** WHAT IS EXPECTED **
Copy the records below exactly, leaving out any pictures.

Collected data

•••••

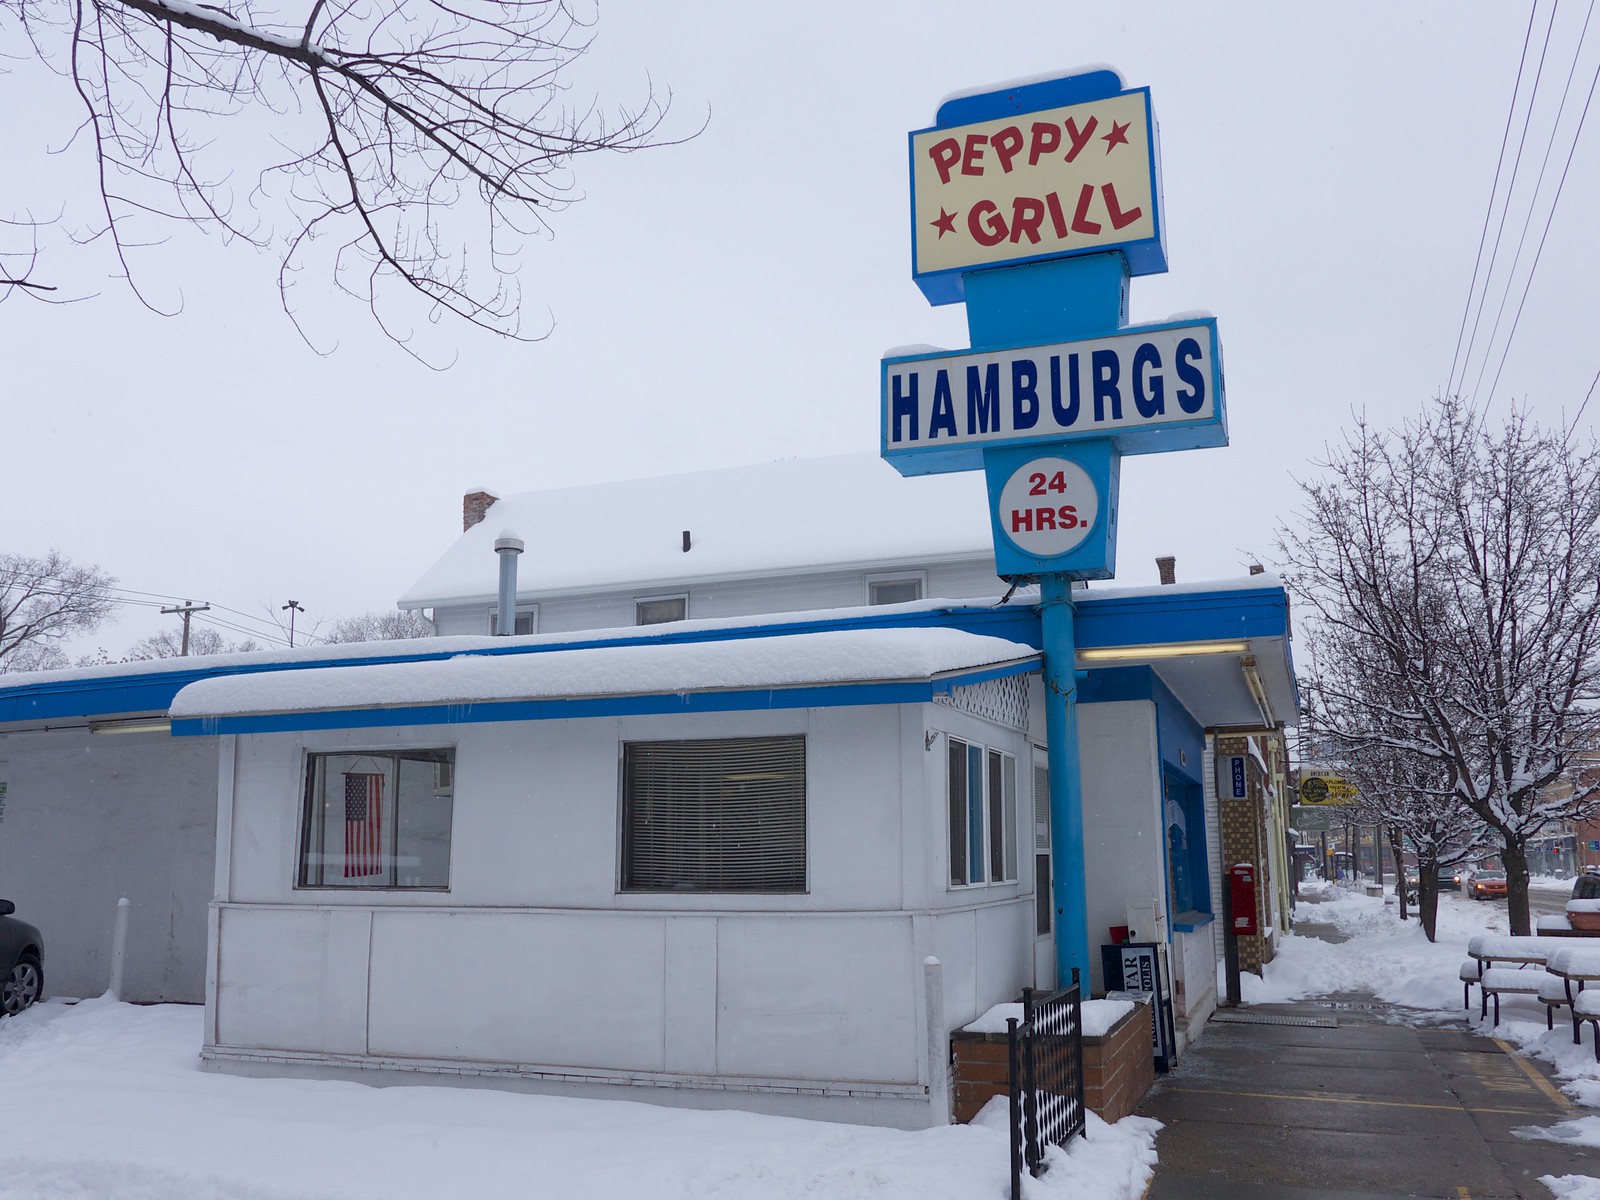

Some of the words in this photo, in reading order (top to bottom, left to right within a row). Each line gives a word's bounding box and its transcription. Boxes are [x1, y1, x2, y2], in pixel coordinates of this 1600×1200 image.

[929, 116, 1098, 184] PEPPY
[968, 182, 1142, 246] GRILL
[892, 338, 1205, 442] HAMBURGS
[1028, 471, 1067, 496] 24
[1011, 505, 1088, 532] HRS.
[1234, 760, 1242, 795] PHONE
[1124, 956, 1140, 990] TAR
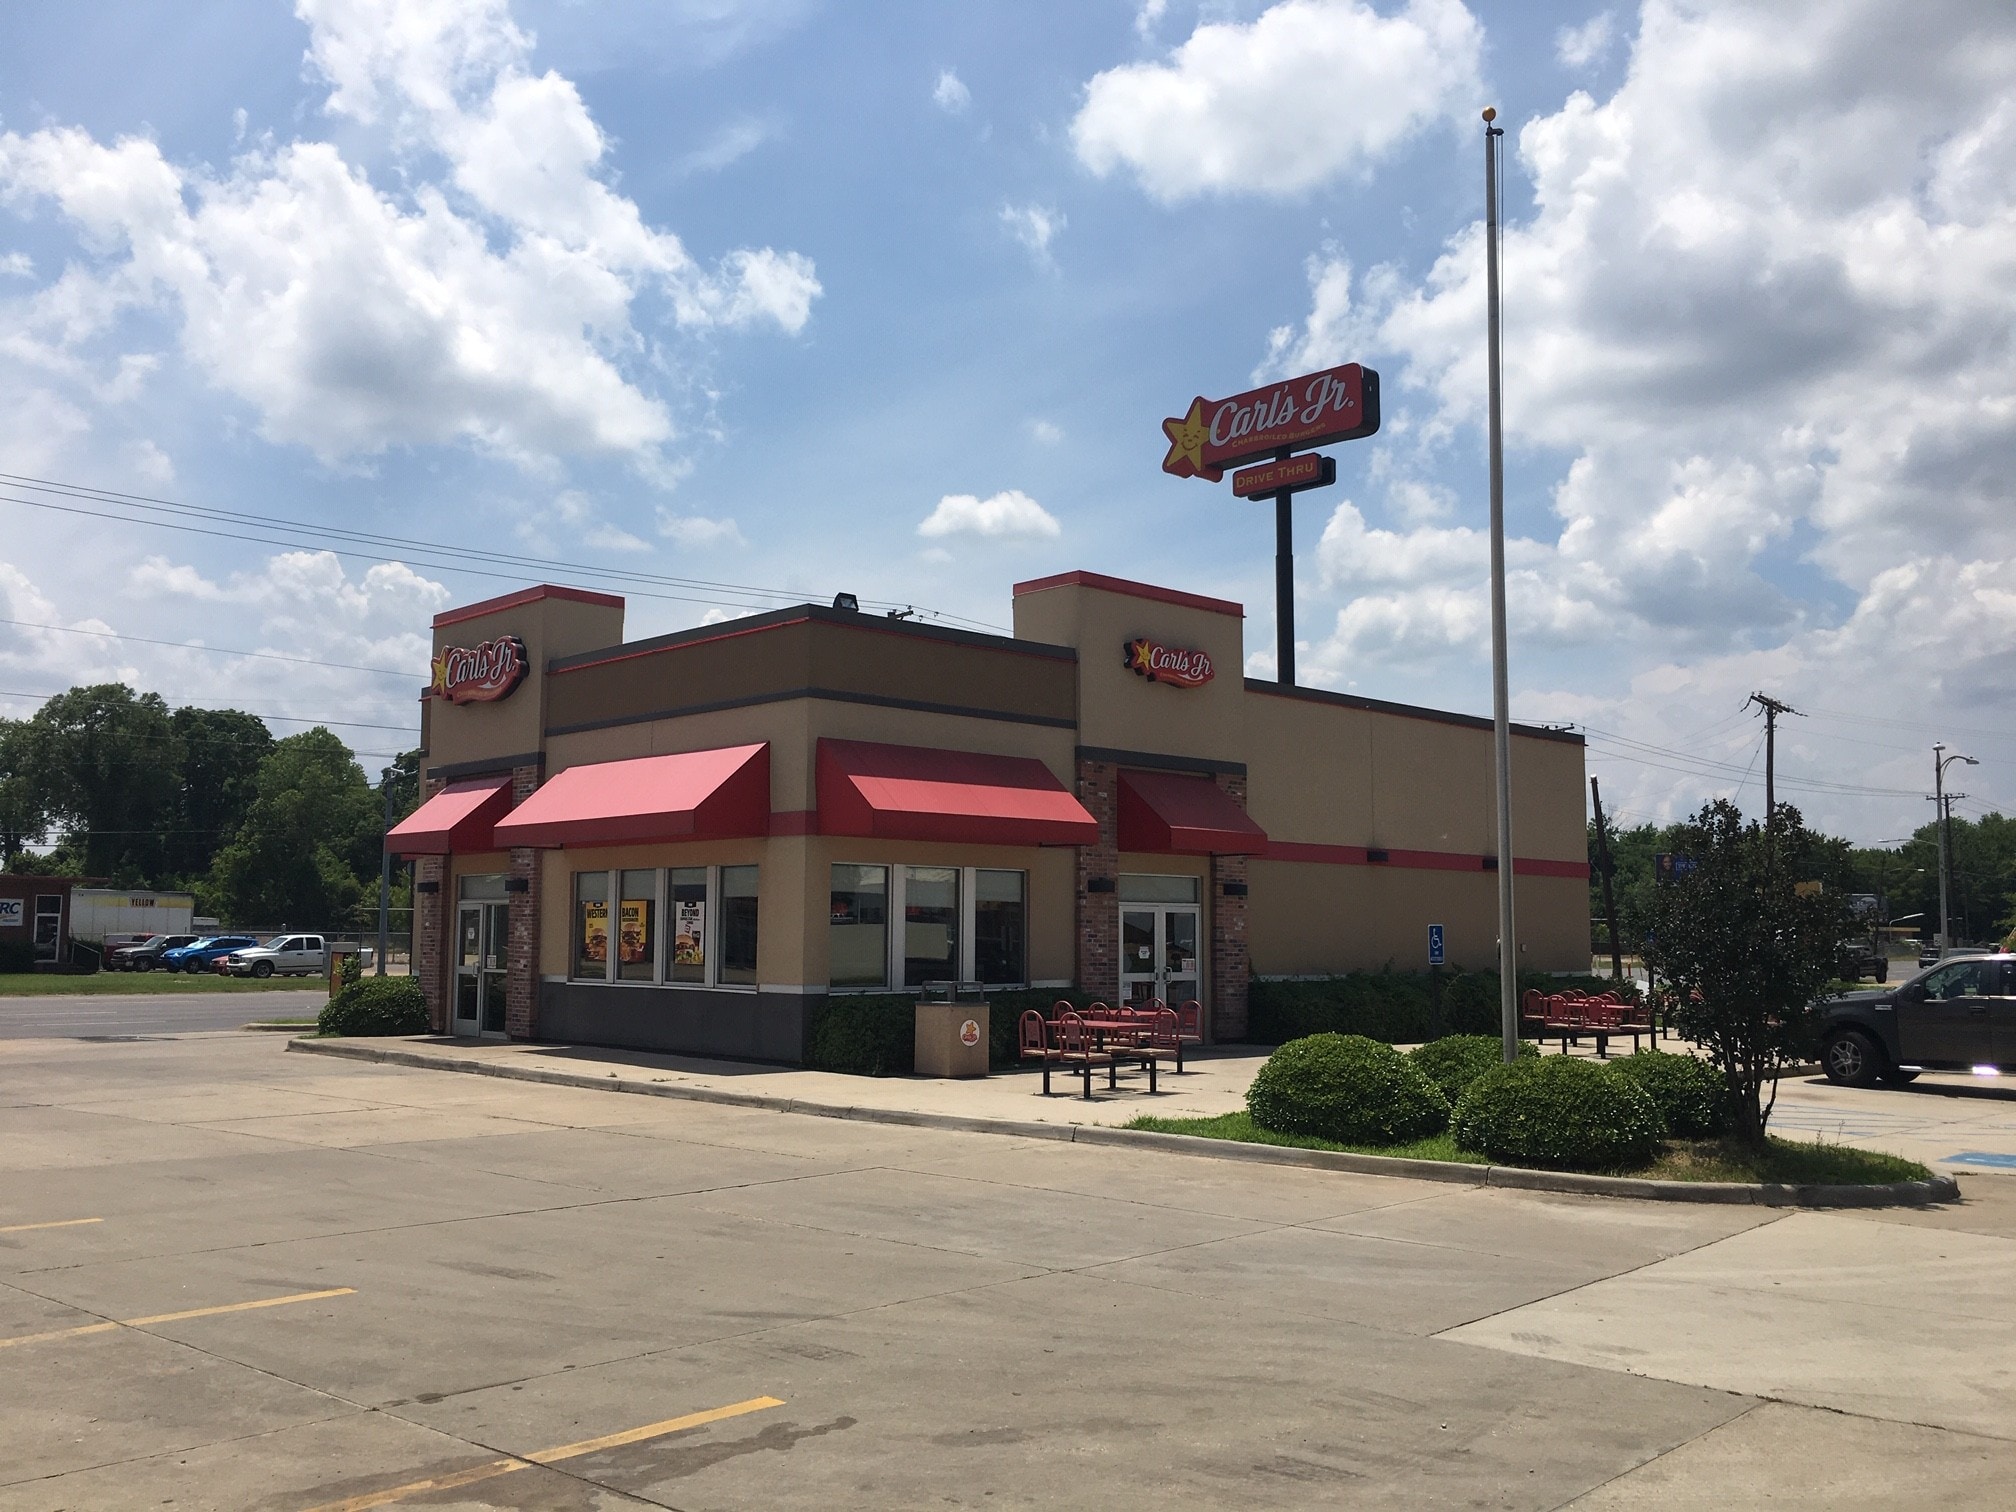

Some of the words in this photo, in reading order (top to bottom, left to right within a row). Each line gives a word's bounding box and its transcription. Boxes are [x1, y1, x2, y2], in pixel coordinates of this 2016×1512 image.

•••••

** ANSWER TO THE PROBLEM **
Some of the words in this photo, in reading order (top to bottom, left to right within a row). Each line gives a word's bounding box and its transcription. Boxes are [x1, y1, x2, y2], in pixel coordinates of this 1600×1200 image.

[929, 116, 1098, 184] PEPPY
[968, 182, 1142, 246] GRILL
[892, 338, 1205, 442] HAMBURGS
[1028, 471, 1067, 496] 24
[1011, 505, 1088, 532] HRS.
[1234, 760, 1242, 795] PHONE
[1124, 956, 1140, 990] TAR

Some of the words in this photo, in reading order (top to bottom, left to right within a row). Each line gives a word's bounding box and its transcription. Boxes are [x1, y1, x2, y2], in pixel coordinates of this 2016×1512 image.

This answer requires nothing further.